Dari masa lalu, ia juga pernah bertempat tinggal dengan cara menumpang di rumah Bonang. Bonang yang baik hati yang kini juga sudah entah ke mana. Pastinya, entah kabar dari mana, juga menyebut kalau cita-cita Bonang sudah kesampaian dengan hidup menyantren. Bisa dibilang, Bonang sangat berpengaruh dalam mencetak mental Kasdi menjadi cakap; menjadikan Kasdi perlahan menjadi pemuda yang dewasa dan mandiri bermental mantap.

***

SEGALA persiapan untuk pernikahan Kasdi dengan Lasmi hampir siap. Perasaan Ponimin yang sangat senang hati mulai sedikit gusar.

"Lasmi, di mana Kasdi?"

"Belum ada kabar, Pak. Tenang aja, nanti juga pasti pulang," jawab Lasmi singkat dengan ringan dan tenang.

Tak hanya Lasmi yang ringan dan tenang, seluruh warga juga tak mempersoalkan belum terlihatnya Kasdi hingga sore ini. Meski besok pagi acara pernikahan mereka mesti dimulai. Tak ada kegusaran, kecuali Ponimin yang memang terlihat mulai gusar, Ponimin yang terlihat mondar-mandir ke sana ke sini di selasar rumahnya. Seperti banyak ingin diucapkannya ke seluruh warga agar membantu mencari Kasdi. Namun, Ponimin yang gusar dan mulai terlihat panas akhirnya sedikit mencair. Sebab seluruh warga, kenyatannya, juga tenang-tenang saja. Mereka yakin Kasdi tak akan ke mana.

"Besok sudah hari pernikahannya. Masak Kasdi menghilang. Tak masuk akal dan sungguh tak mungkinlah," kata Masno di sela kebersamaan warga lain saat memasang tenda besar di selasar rumah Ponimin. Masno mencoba menenangkan kegamangan Ponimin.

Lain hal berbeda dengan Lasmi yang tampak tenang dan santai. Ia malah asyik sibuk sendirian di kamar pengantin yang tampak siap dinikmati bagi sepasang kekasih.

Lasmi dalam benak membayangkan akan dengan bersahaja juga leluasanya berbagi kasih dengan Kasdi sang pujaan hati, dengan bebas bergerak ke sana ke sini di atas ranjang besar bertabur ranum bunga dari berbagai jenis.
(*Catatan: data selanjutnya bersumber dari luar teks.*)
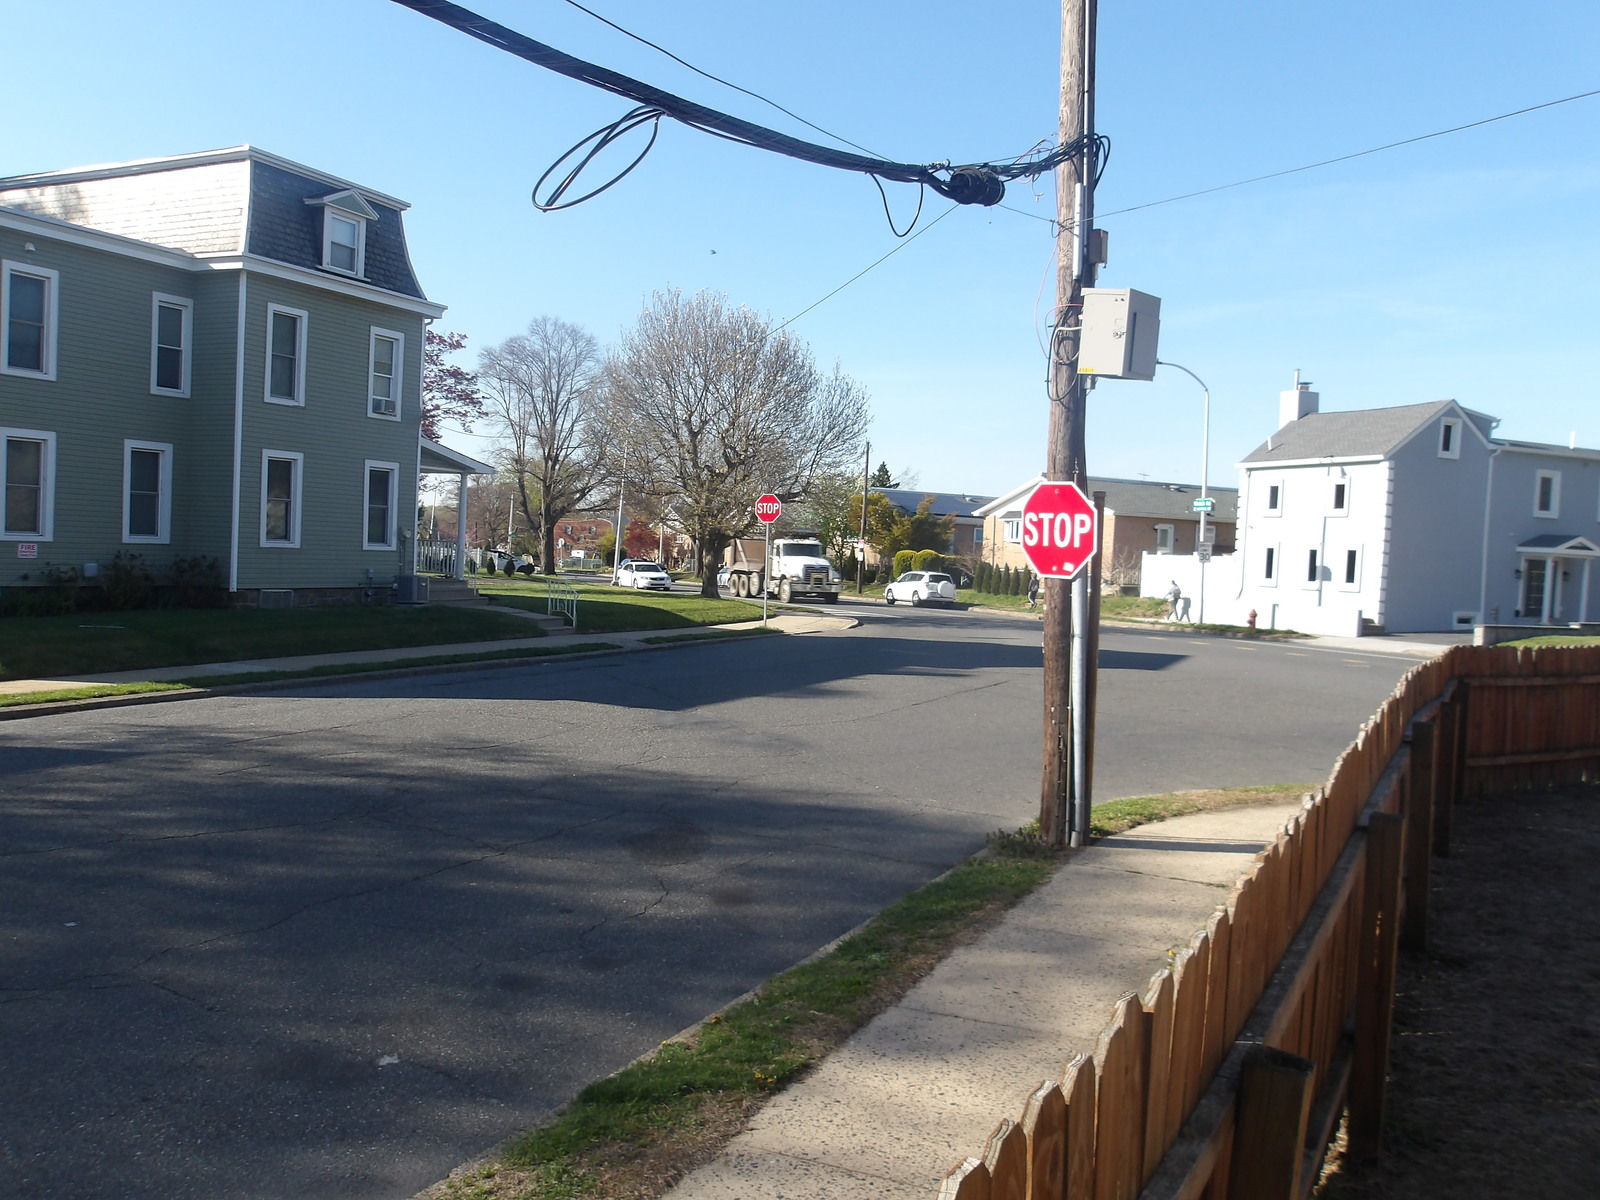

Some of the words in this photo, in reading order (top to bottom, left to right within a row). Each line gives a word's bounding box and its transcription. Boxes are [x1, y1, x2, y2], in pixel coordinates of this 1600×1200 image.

[757, 503, 779, 513] STOP
[1024, 512, 1091, 548] STOP
[1199, 552, 1210, 561] 30
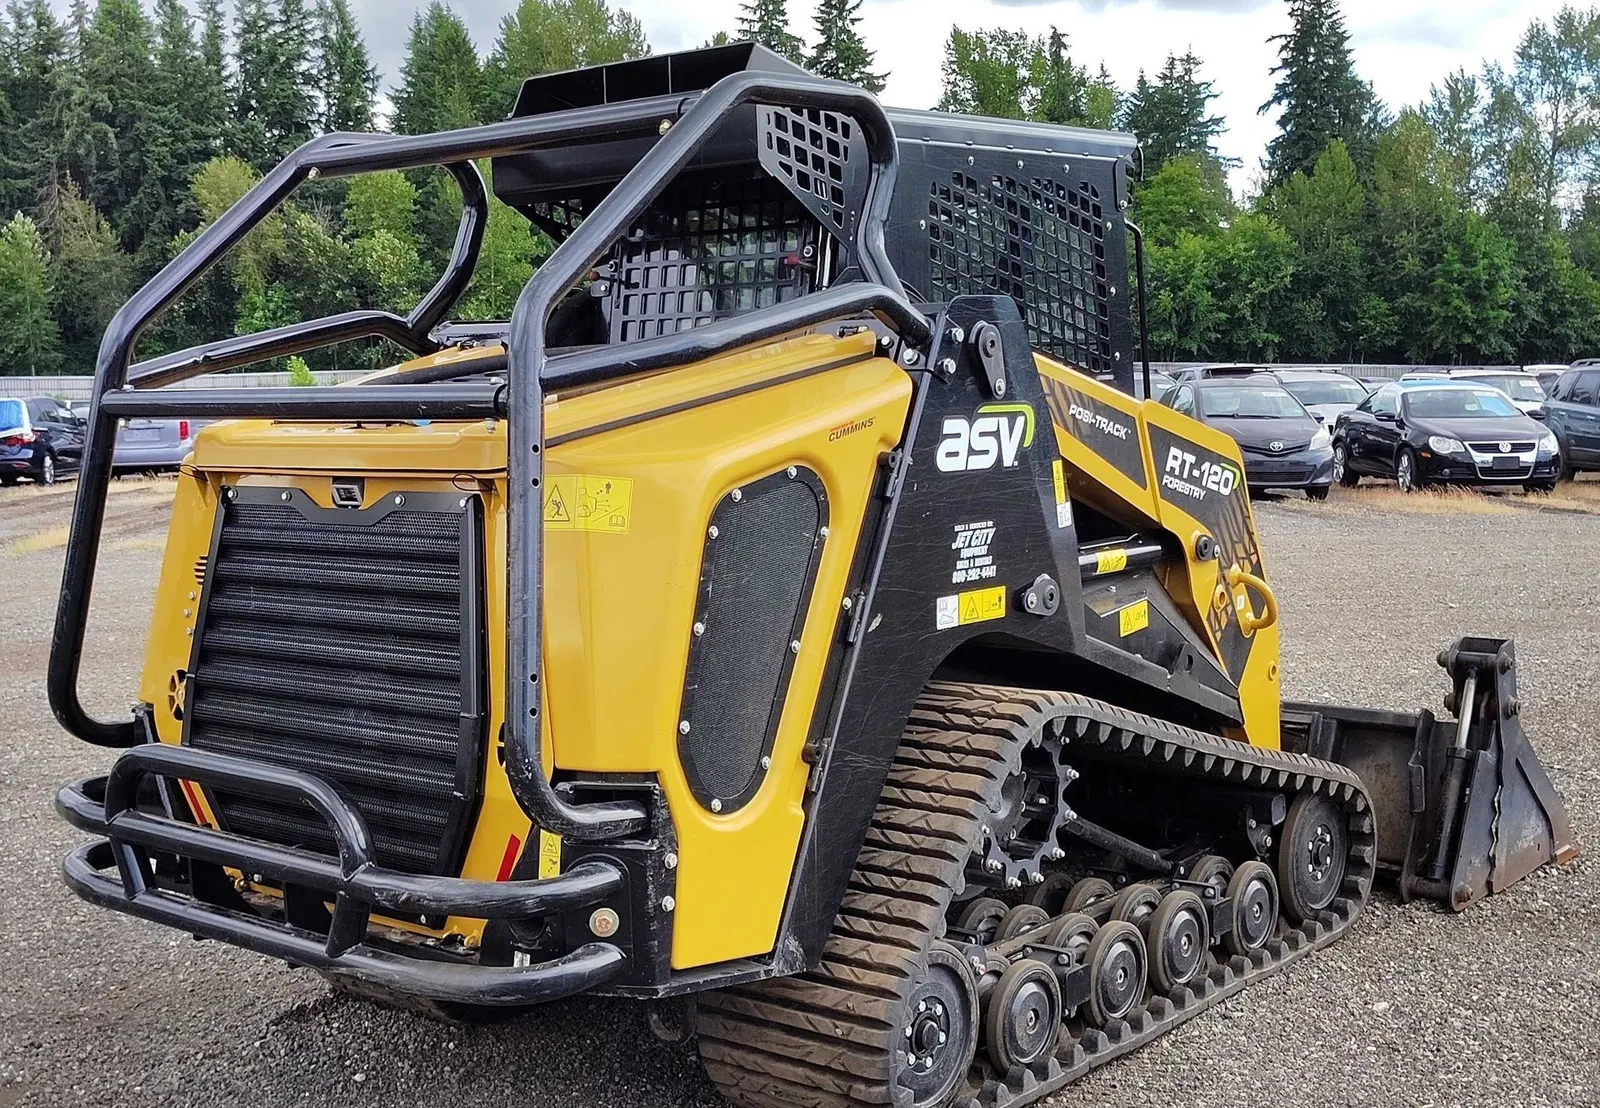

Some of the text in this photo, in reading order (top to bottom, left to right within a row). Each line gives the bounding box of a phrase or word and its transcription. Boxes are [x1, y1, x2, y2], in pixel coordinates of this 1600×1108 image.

[828, 417, 874, 442] CUMMINS
[1068, 403, 1128, 440] POSI-TRACK
[1165, 446, 1234, 496] RT-120
[1162, 475, 1206, 501] FORESTRY
[951, 527, 997, 550] JET CITY
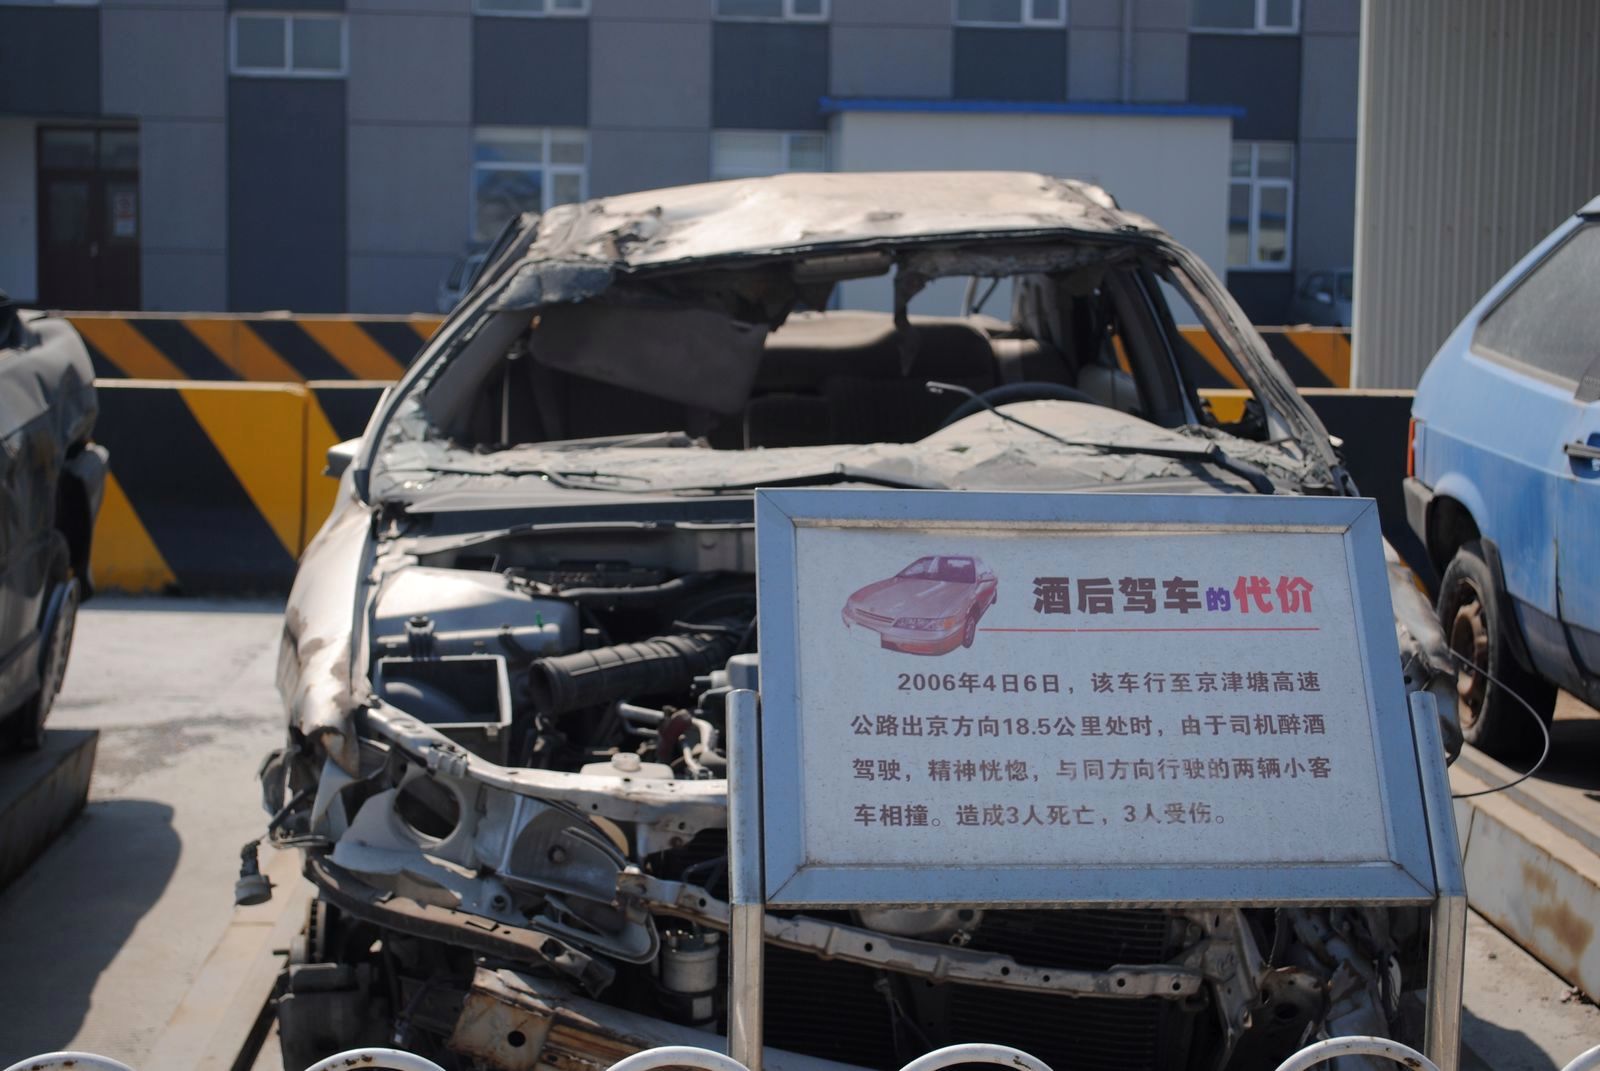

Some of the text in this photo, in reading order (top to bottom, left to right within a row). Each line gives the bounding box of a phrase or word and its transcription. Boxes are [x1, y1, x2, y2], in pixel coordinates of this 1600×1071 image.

[1032, 575, 1314, 615] 酒后驾车的代价
Lasmi juga membayangkan betapa anggun mengenakan gaun kebaya yang tengah tergantung di sebalik pintu kamar pengantinnya. Juga jas milik Kasdi yang terlihat begitu hitam mengilat bersama dasi kuning. Betapa tampak jumawanya Kasdi nanti. Terlebih kedua cincin yang sudah terukir nama mereka berdua di antara laci dari rak cermin berwarna kuning keemasan bakal menjadi simbol keutuhan cinta mereka.

***

SEGALANYA sudah disiapkan sejak jauh hari. Segalanya pula semakin dimatangkan hingga hari ini. Segalanya dirasa mantap pula sampai hari ini. Segalanya, bila perlu, memang siap dilaksanakan hari ini juga.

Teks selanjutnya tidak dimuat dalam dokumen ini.